= REQUIREMENT =
Restate the listing word for word; omit the images.
━━ RECORDS ━━
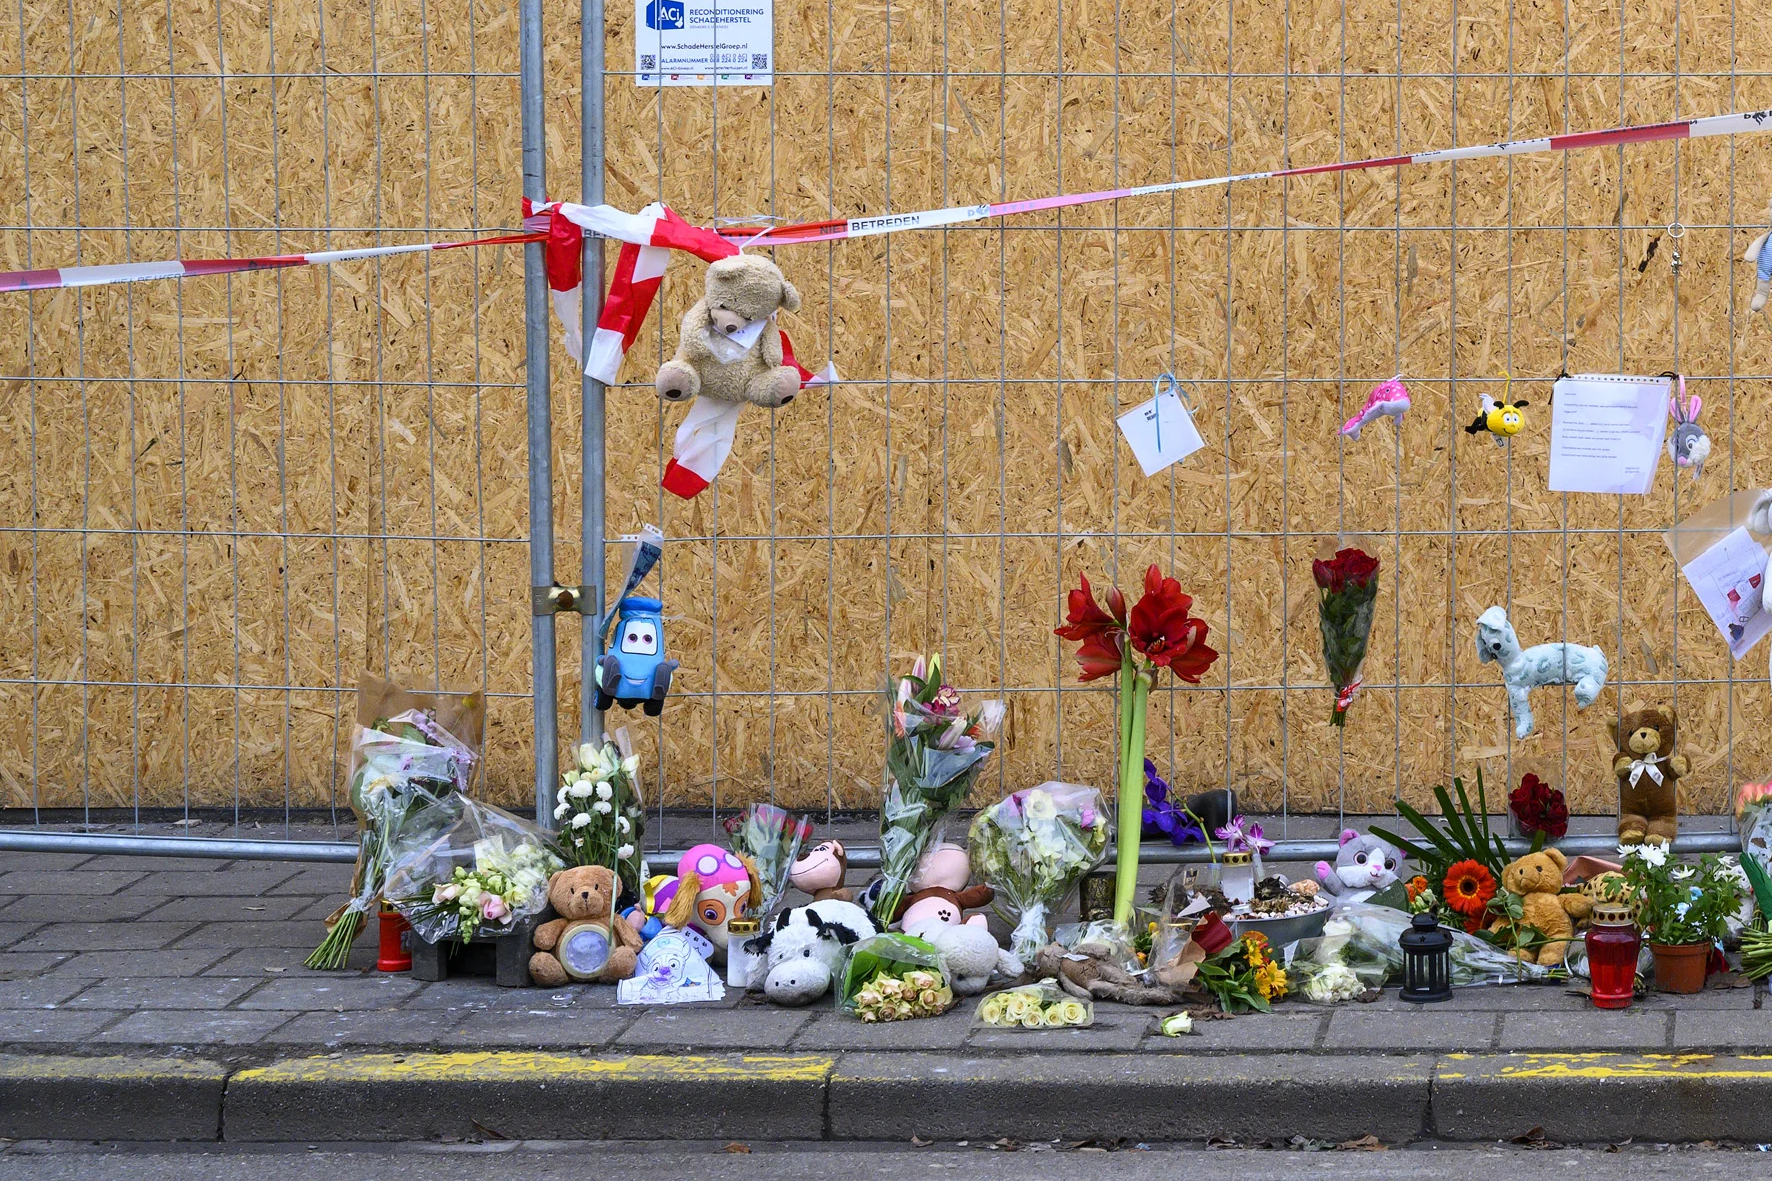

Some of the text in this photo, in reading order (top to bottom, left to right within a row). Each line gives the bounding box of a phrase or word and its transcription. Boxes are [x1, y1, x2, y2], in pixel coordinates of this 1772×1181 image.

[689, 8, 764, 16] RECONDITIONERING
[689, 16, 752, 24] SCHADEHERSTEL
[851, 215, 920, 231] BETREDEN
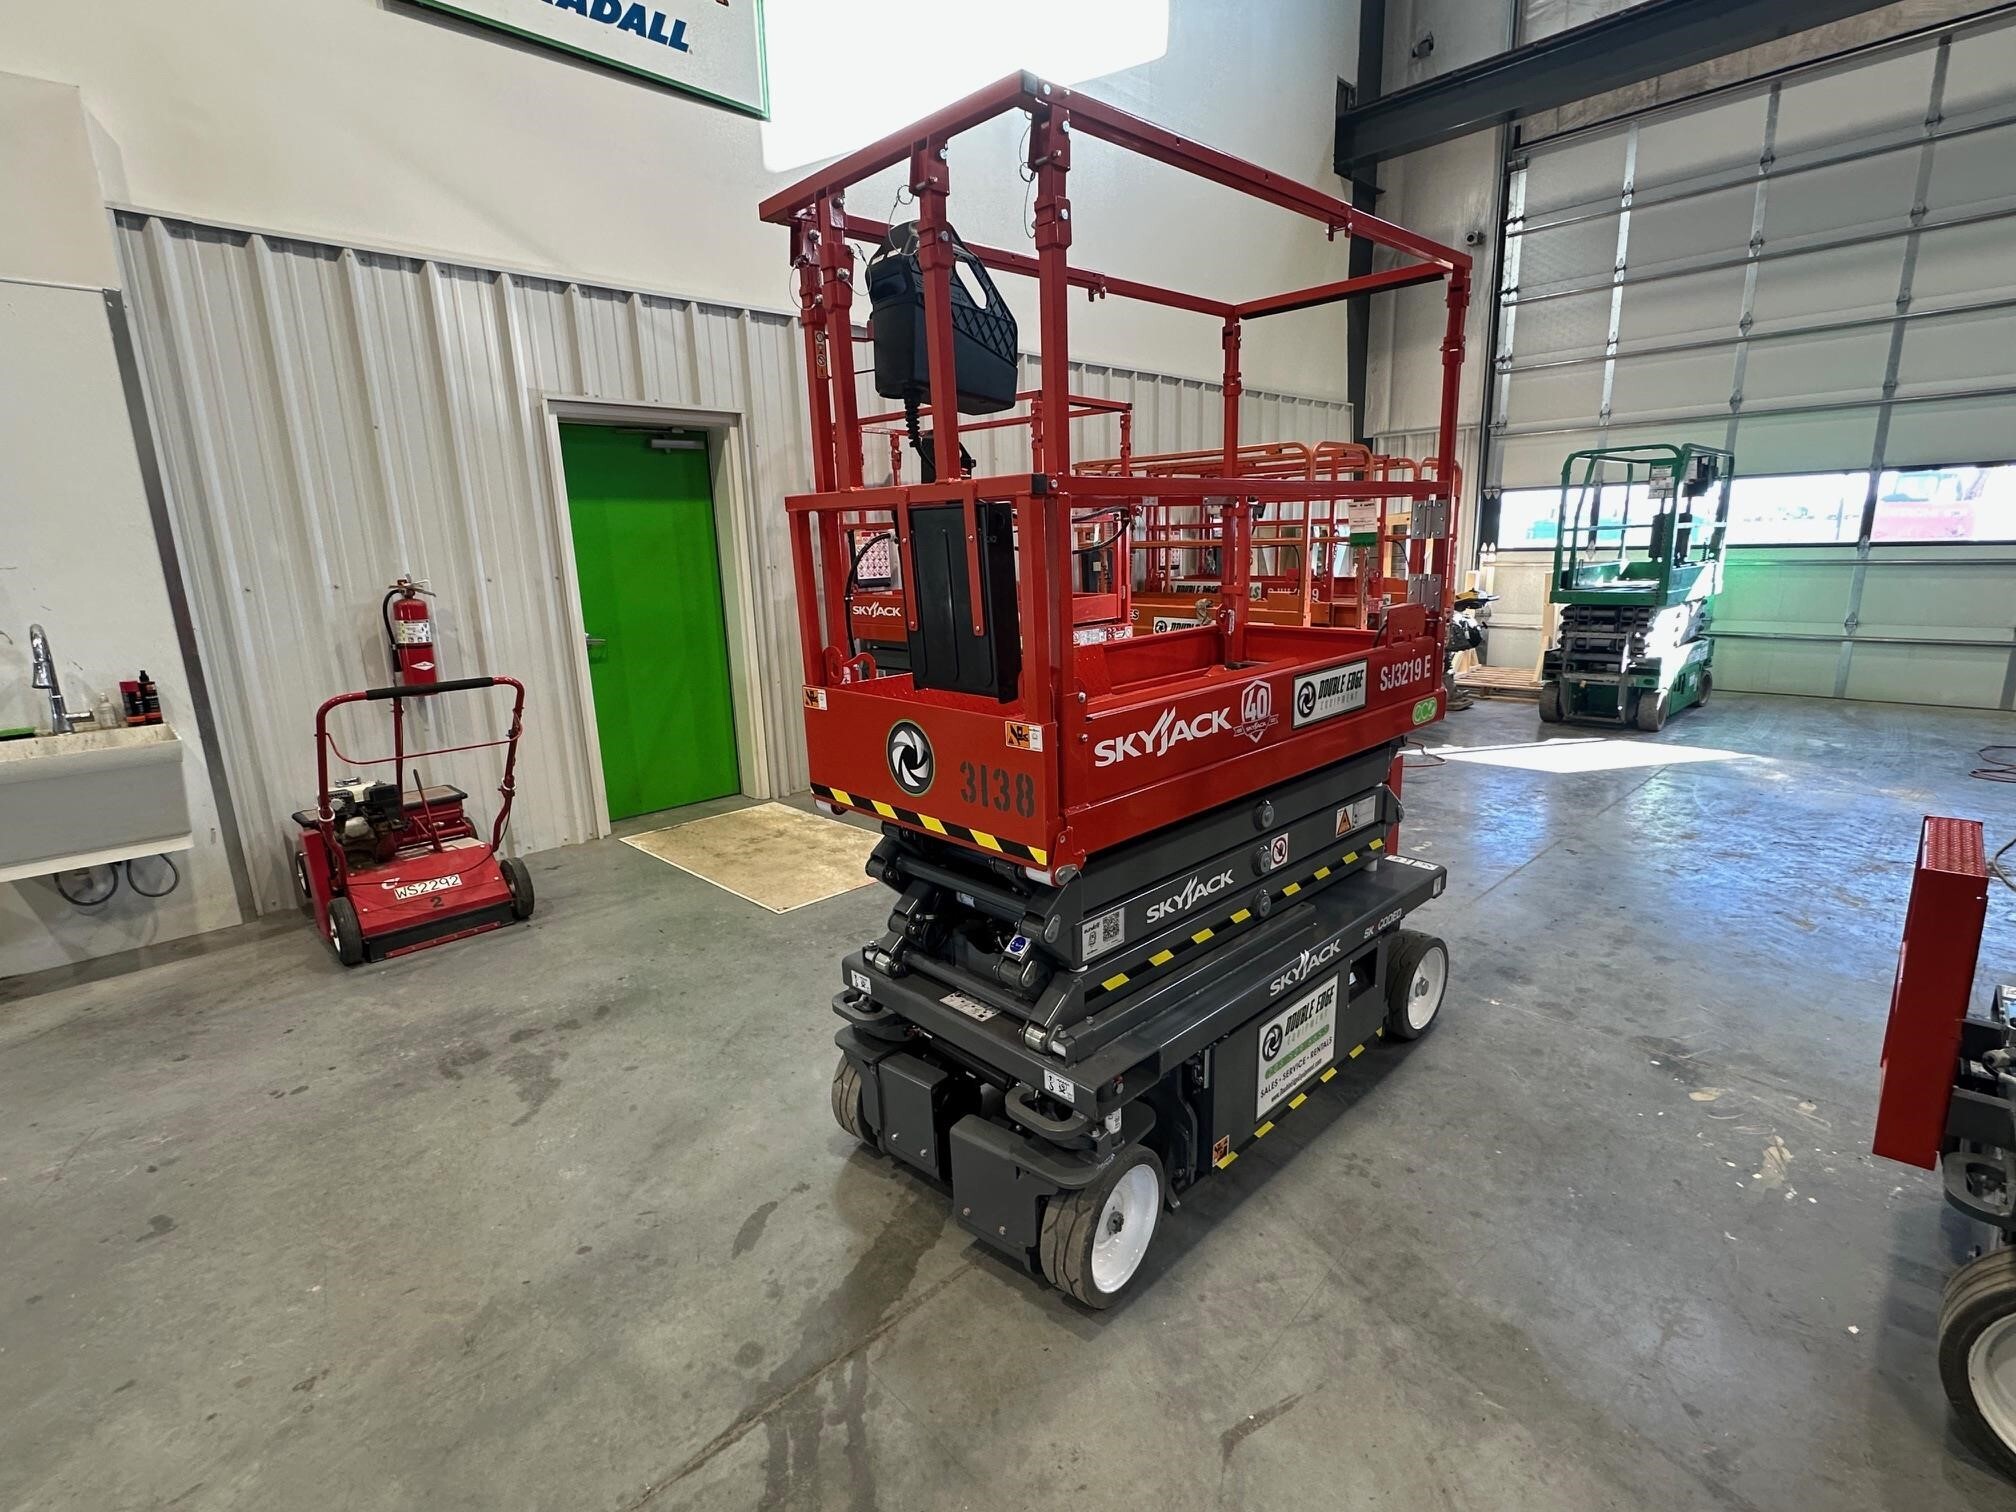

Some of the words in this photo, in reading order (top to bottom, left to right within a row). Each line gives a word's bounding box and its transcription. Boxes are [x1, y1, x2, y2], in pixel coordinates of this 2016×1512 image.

[852, 601, 901, 618] SKYJACK
[1317, 674, 1347, 700] DOUBLE
[1346, 669, 1365, 692] EDGE
[1380, 657, 1422, 692] SJ3219
[1424, 654, 1432, 679] E
[1244, 687, 1268, 720] 40
[1095, 706, 1232, 767] SKYJACK
[960, 760, 1036, 818] 3138
[395, 875, 460, 899] WS2292
[431, 895, 444, 908] 2
[1146, 869, 1235, 924] SKYJACK
[1269, 938, 1342, 997] SKYJACK
[1284, 998, 1316, 1037] DOUBLE
[1315, 984, 1336, 1014] EDGE
[1260, 1078, 1279, 1098] SALES
[1282, 1056, 1307, 1081] SERVICE
[1309, 1036, 1334, 1060] RENTALS
━━━
= ANSWER TO THE EXERCISE =
Some of the text in this photo, in reading order (top to bottom, left to right within a row). Each line gives the bounding box of a phrase or word and its transcription. Boxes are [x1, y1, x2, y2], in pixel coordinates of this 1772×1181 image.

[689, 8, 764, 16] RECONDITIONERING
[689, 16, 752, 24] SCHADEHERSTEL
[851, 215, 920, 231] BETREDEN

Some of the words in this photo, in reading order (top to bottom, left to right within a row). Each line gives a word's bounding box and its transcription. Boxes are [x1, y1, x2, y2], in pixel coordinates of this 2016×1512 image.

[852, 601, 901, 618] SKYJACK
[1317, 674, 1347, 700] DOUBLE
[1346, 669, 1365, 692] EDGE
[1380, 657, 1422, 692] SJ3219
[1424, 654, 1432, 679] E
[1244, 687, 1268, 720] 40
[1095, 706, 1232, 767] SKYJACK
[960, 760, 1036, 818] 3138
[395, 875, 460, 899] WS2292
[431, 895, 444, 908] 2
[1146, 869, 1235, 924] SKYJACK
[1269, 938, 1342, 997] SKYJACK
[1284, 998, 1316, 1037] DOUBLE
[1315, 984, 1336, 1014] EDGE
[1260, 1078, 1279, 1098] SALES
[1282, 1056, 1307, 1081] SERVICE
[1309, 1036, 1334, 1060] RENTALS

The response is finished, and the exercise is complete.